Les 19 et 20 Novembre derniers, l’organisation Games for Change Europe a organisé, en partenariat avec Ubisoft et le Ministère de l’éducation nationale, un Séminaire « Éducation – Jeux Vidéo – Réalité virtuelle, mixte et augmentée ». Pour cette 3e édition, les organisateurs ont voulu réunir en un même lieu des enseignants, des chercheurs en science de l’éducation ou de sciences cognitives, mais aussi des game designers. La volonté affichée était de permettre les discussions entre différentes communautés autour du jeu et de ses utilisations pédagogiques. Je vous propose une série de 15 compte-rendus afin de vous faire part de la richesses des interventions et des discussions Toutes les conférences ont été filmées et sont disponibles en replay sur la chaine Youtube de l’école des Gobelins (www.youtube.com/watch?v=35esuLKUo18). Bonne lecture. 

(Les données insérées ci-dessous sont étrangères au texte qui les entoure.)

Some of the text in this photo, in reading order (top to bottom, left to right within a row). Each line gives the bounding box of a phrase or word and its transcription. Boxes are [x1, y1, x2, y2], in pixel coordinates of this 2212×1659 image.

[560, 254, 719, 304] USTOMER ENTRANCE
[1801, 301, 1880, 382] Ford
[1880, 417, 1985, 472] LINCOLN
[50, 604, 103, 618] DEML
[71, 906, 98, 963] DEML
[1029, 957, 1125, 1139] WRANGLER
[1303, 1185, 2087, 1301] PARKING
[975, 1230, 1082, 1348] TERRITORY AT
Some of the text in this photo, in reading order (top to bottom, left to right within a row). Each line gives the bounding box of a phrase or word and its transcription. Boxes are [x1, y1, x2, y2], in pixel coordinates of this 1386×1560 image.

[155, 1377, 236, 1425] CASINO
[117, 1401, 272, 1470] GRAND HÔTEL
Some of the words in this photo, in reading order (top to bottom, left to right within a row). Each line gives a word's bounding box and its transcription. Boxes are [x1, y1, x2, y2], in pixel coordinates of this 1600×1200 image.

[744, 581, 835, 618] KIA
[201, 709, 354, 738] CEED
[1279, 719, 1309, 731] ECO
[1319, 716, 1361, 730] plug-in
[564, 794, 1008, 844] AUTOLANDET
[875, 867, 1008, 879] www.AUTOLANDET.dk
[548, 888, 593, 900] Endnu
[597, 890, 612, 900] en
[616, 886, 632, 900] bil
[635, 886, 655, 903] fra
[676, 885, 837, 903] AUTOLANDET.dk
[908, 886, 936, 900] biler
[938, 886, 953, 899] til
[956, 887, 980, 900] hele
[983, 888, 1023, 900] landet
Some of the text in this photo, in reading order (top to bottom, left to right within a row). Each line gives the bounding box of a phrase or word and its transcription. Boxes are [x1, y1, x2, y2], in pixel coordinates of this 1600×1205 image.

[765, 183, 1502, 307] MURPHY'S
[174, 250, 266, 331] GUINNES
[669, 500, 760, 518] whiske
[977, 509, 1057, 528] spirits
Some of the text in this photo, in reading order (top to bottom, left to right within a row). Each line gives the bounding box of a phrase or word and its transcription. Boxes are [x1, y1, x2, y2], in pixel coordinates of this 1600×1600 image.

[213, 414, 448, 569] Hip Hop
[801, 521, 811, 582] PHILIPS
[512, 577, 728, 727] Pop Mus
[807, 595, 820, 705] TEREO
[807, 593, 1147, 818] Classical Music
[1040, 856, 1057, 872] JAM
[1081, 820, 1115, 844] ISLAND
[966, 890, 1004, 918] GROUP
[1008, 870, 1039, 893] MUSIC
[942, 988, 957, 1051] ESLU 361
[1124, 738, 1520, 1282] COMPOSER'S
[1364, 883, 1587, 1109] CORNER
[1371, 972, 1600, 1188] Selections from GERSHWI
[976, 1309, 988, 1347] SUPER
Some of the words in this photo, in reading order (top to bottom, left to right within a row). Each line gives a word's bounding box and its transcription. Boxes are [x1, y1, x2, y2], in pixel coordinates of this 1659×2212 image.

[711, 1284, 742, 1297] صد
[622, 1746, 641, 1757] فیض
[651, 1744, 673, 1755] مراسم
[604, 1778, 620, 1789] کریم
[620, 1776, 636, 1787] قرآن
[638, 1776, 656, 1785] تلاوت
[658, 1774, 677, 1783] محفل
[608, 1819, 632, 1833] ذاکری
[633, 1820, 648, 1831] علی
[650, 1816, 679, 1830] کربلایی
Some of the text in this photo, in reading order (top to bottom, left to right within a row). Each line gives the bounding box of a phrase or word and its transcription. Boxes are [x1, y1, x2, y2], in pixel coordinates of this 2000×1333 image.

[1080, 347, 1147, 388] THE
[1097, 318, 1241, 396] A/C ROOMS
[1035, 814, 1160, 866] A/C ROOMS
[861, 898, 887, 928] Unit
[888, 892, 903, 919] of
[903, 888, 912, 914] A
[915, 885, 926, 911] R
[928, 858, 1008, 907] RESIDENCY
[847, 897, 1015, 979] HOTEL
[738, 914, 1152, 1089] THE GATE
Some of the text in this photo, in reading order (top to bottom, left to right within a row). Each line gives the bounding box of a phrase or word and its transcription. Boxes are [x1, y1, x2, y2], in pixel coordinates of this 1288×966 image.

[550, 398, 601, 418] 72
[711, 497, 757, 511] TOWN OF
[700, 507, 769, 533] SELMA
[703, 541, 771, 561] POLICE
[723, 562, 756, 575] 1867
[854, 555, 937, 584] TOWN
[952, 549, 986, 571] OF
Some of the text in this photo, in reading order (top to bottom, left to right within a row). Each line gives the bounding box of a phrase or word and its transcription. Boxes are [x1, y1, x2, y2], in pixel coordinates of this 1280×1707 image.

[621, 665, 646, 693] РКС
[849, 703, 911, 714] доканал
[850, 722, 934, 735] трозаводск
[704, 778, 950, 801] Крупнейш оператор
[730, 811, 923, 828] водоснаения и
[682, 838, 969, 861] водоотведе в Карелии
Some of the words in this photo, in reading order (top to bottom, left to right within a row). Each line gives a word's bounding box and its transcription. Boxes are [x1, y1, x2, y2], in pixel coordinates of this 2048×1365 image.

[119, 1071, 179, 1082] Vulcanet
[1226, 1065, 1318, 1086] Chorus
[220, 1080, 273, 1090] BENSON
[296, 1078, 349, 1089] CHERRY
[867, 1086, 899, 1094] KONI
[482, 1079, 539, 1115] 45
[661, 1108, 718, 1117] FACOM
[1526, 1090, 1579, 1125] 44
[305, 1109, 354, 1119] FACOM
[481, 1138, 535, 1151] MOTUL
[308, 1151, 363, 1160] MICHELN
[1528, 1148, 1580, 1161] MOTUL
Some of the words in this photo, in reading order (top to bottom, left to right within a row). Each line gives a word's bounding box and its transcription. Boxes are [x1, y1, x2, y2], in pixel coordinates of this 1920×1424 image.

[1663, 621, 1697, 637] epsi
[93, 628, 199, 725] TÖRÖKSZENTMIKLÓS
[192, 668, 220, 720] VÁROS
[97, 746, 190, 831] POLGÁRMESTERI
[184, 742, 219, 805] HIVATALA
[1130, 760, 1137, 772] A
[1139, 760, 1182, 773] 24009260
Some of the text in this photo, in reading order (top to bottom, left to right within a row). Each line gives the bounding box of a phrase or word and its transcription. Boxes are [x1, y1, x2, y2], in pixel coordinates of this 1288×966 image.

Erasme se plaignait du niveau de ses élèves et c’est pourquoi il évoque dans son traité d’éducation une autre manière d’enseigner, avec le jeu :

« Telle manière douce de les communiquer les fera ressembler à un jeu et non à un travail. Car, à cet âge, il est nécessaire de les tromper avec des appâts séduisants puisqu’ils ne peuvent pas encore comprendre tout le fruit, tout le prestige, tout le plaisir que les études doivent leur procurer dans l’avenir ».Erasme, De l’éducation des enfants, 1529

Le jeu est ainsi considéré comme une ruse, c’est ce qu’Eric Sanchez appelle mettre du chocolat sur les brocolis. Eric Sanchez est professeur en science de l’éducation au LIP (Laboratoire d’innovation pédagogique – Université de Fribourg). Le LIP pratique le Design based research, autrement dit, de la recherche avec les enseignants. Il conçoit des jeux au service des apprentissages et de la recherche, en se plaçant du côté des sciences de l’éducation et de la didactique. Son intervention concernait le projet qu’il a développé à l’ENS Lyon en 2012-2013.

Projet « Tamagocours »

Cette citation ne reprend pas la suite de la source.